RESEARCHERS have identified distinct drug tolerant cell states in TNBC that persist after neoadjuvant chemotherapy, offering new insight into treatment resistance and metastatic progression in patients with residual disease.
Although combining immune checkpoint blockade with chemotherapy has improved outcomes in early triple negative breast cancer, a proportion of patients continue to experience poor long term outcomes following treatment. To better understand the biology underlying chemotherapy resistance, investigators generated a high-resolution single cell atlas using 129,433 cells from 14 patient derived xenograft models of triple negative breast cancer with residual disease following neoadjuvant chemotherapy.
Using unsupervised clustering techniques, researchers identified four transcriptionally distinct cancer cell states shared across the models. These states demonstrated enrichment of developmental, hypoxia, interferon signalling, chromosomal instability, and DNA damage related pathways. Investigators also characterised the regulatory networks associated with these populations and explored links with treatment response, metastatic progression, and survival outcomes.
Hypoxia Related TNBC Cells Persist After Treatment
Two of the identified cell states, linked to hypoxia and interferon signalling, shared transcriptional features associated with drug tolerant persister cells. The hypoxia related populations included both cycling and non-cycling cells and showed no association with mutation status, suggesting that resistance mechanisms may be driven through epigenetic rather than genetic pathways.

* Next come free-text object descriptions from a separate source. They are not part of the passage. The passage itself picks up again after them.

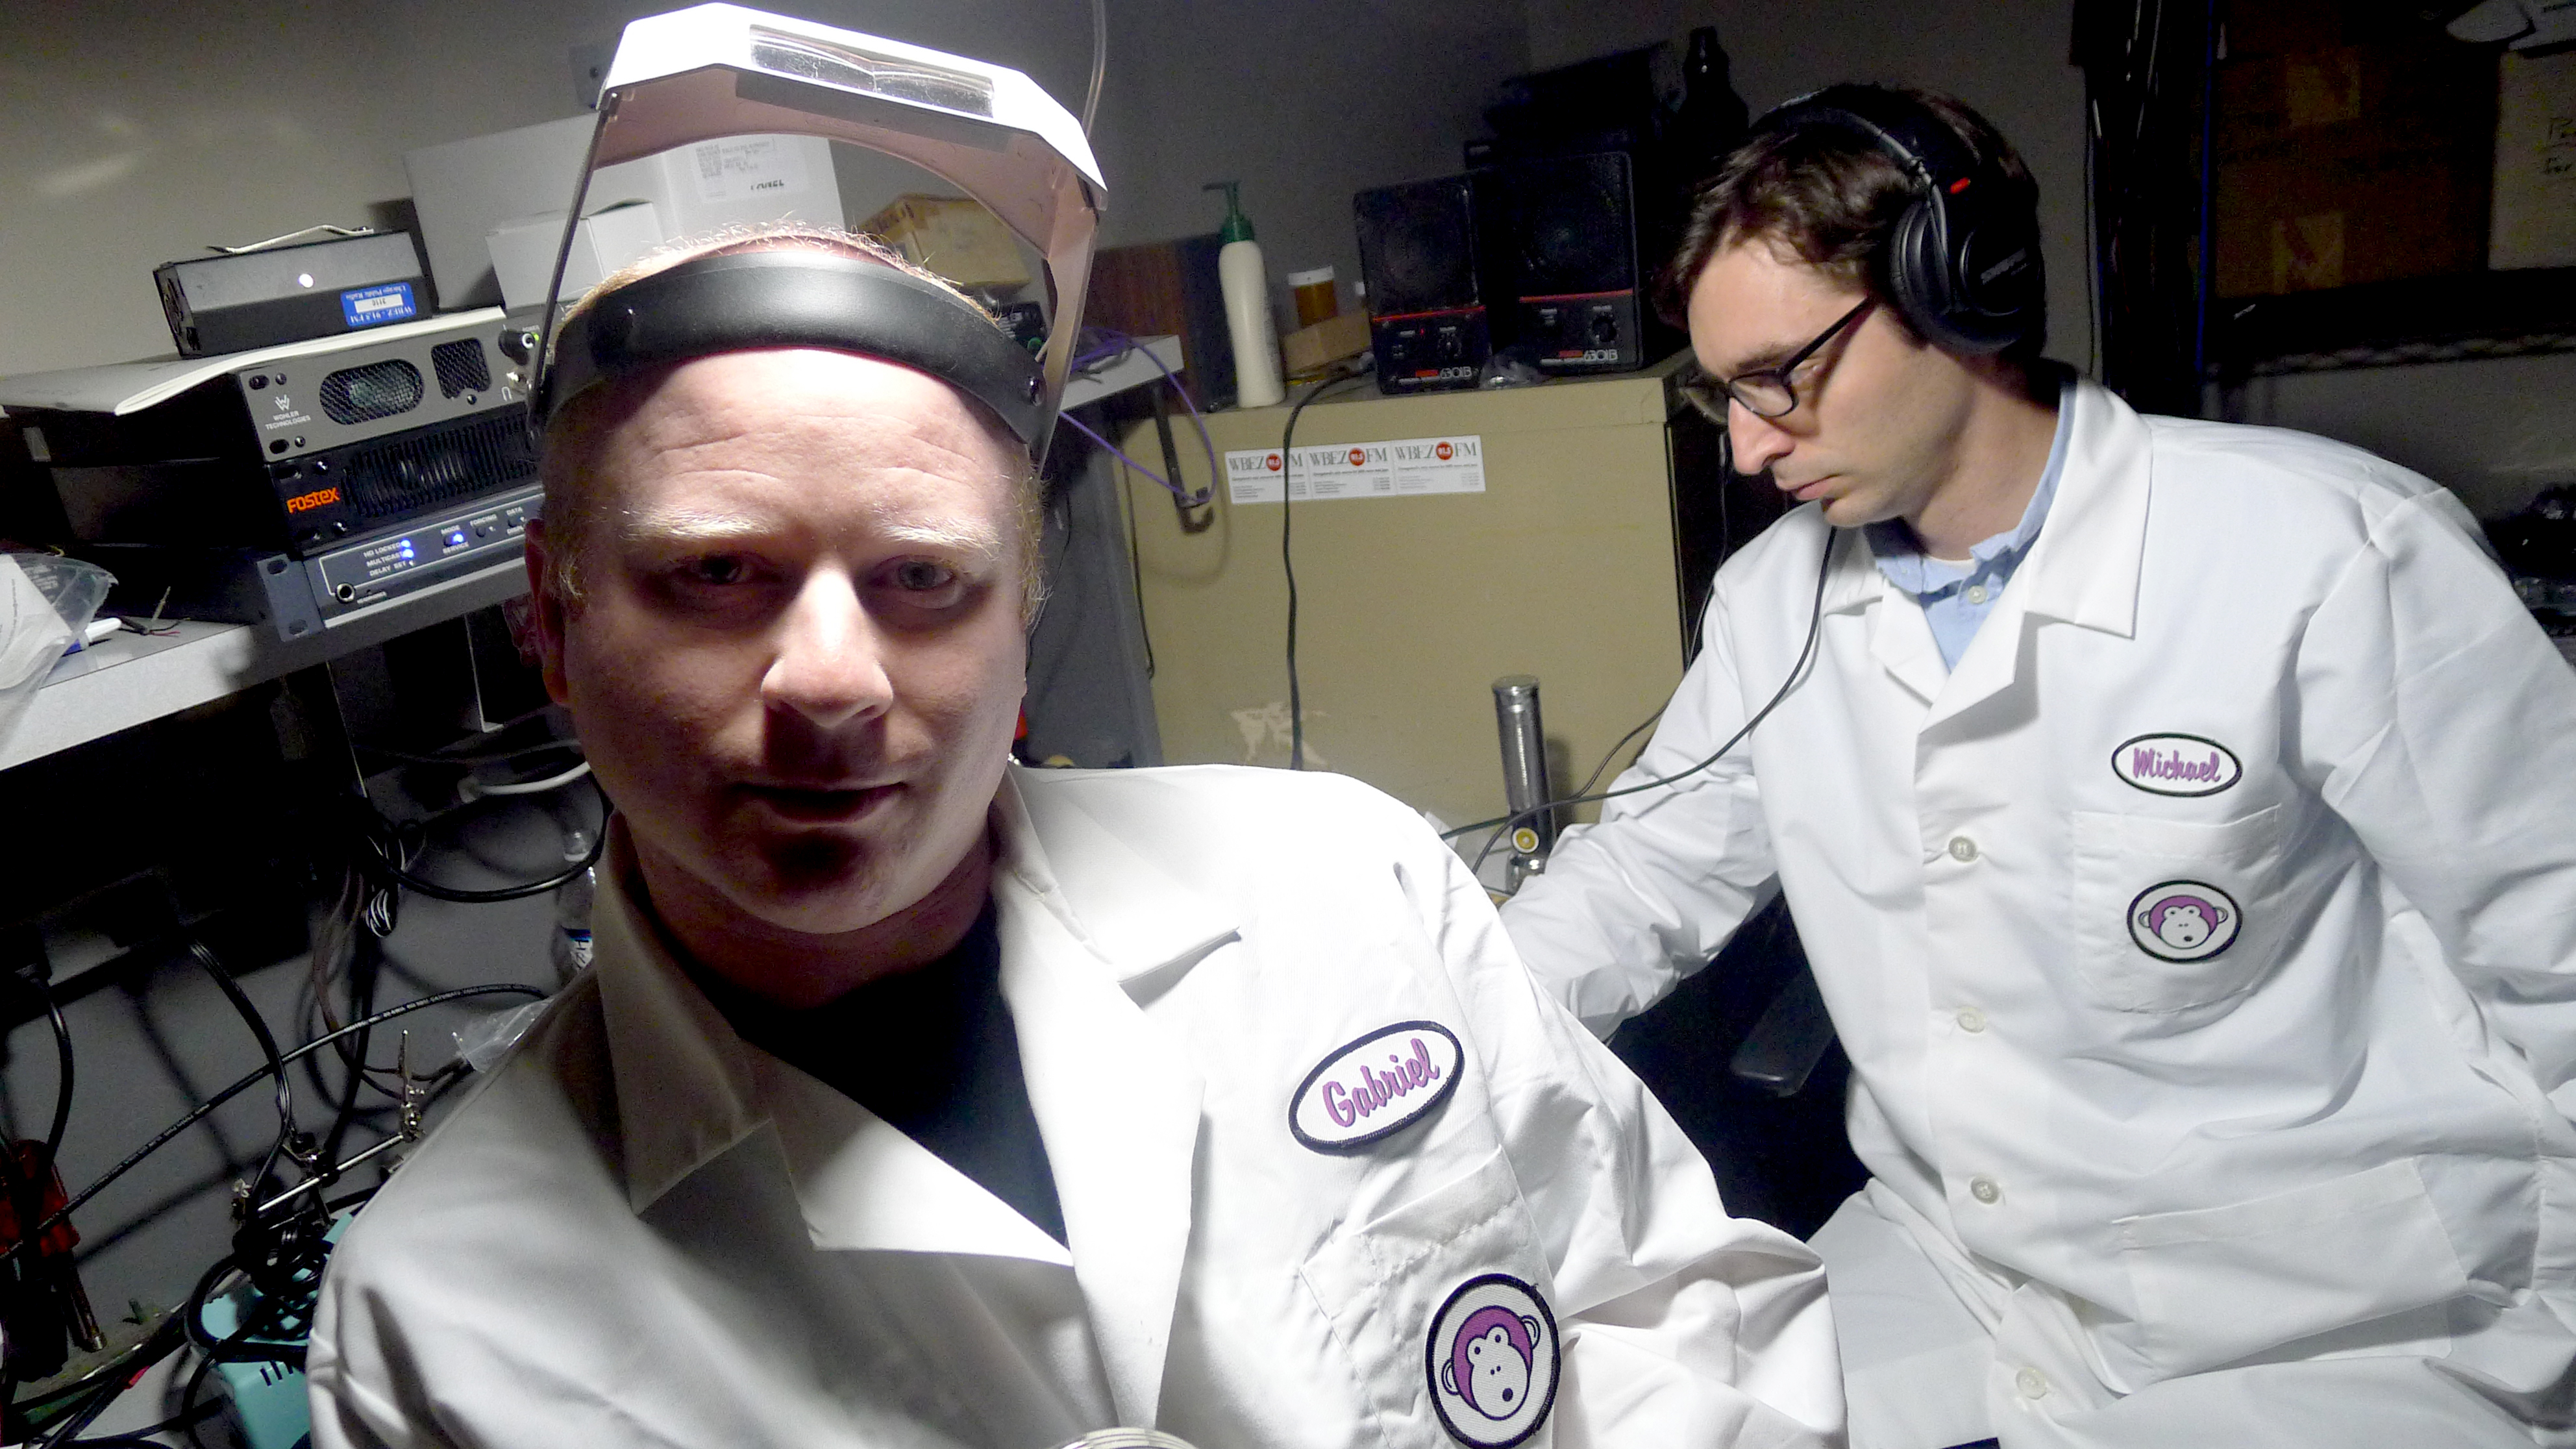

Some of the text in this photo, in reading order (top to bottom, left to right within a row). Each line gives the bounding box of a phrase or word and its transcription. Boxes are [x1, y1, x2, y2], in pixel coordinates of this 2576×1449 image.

[350, 314, 364, 323] FM
[265, 415, 312, 430] TECHNOLOGIES
[273, 410, 300, 421] WOHLER
[1309, 450, 1350, 465] WBEZ
[1365, 447, 1388, 462] FM
[1394, 444, 1436, 460] WBEZ
[1455, 441, 1477, 457] FM
[1228, 456, 1267, 471] WBEZ
[506, 506, 523, 517] DATA
[470, 514, 497, 526] FORCING
[441, 525, 460, 535] MODE
[375, 541, 401, 554] LOCKED
[443, 541, 469, 555] SERVICE
[366, 551, 404, 567] MULTICAST
[369, 560, 406, 576] DELAY SET
[2133, 747, 2221, 782] Michael
[1322, 1038, 1441, 1128] Gabriel

Validation across multiple independent triple negative breast cancer cohorts confirmed that the dysregulated pathways observed in residual disease were already present in chemotherapy naïve tumours. Researchers further demonstrated that these cell states persisted in distant metastatic disease and were associated with both prognosis and treatment response.
The findings suggest that neoadjuvant chemotherapy may selectively enrich resistant persister cell populations that survive treatment and contribute to disease recurrence or progression.
Epigenetic Target May Reduce Resistant Cell Emergence
Functional in vitro experiments highlighted a potential therapeutic strategy targeting these resistant populations. Investigators found that inhibition of the lysine demethylase KDM5B suppressed the emergence of drug tolerant persister cells, indicating that epigenetic modulation could help prevent resistance development in TNBC.
Researchers concluded that neoadjuvant therapy selects for epigenetically regulated hypoxia related drug tolerant persister cells that are maintained in metastatic disease and are associated with treatment response and prognosis. The data provide further evidence that resistant cell states may represent important therapeutic targets in triple negative breast cancer.
Reference
Zhang Y et al. Co-occurrence of transcriptionally distinct persister cell states underpins neoadjuvant therapy resistance in triple‑negative breast cancer. Genome Med. 2026; doi: 10.1186/s13073-026-01643-9.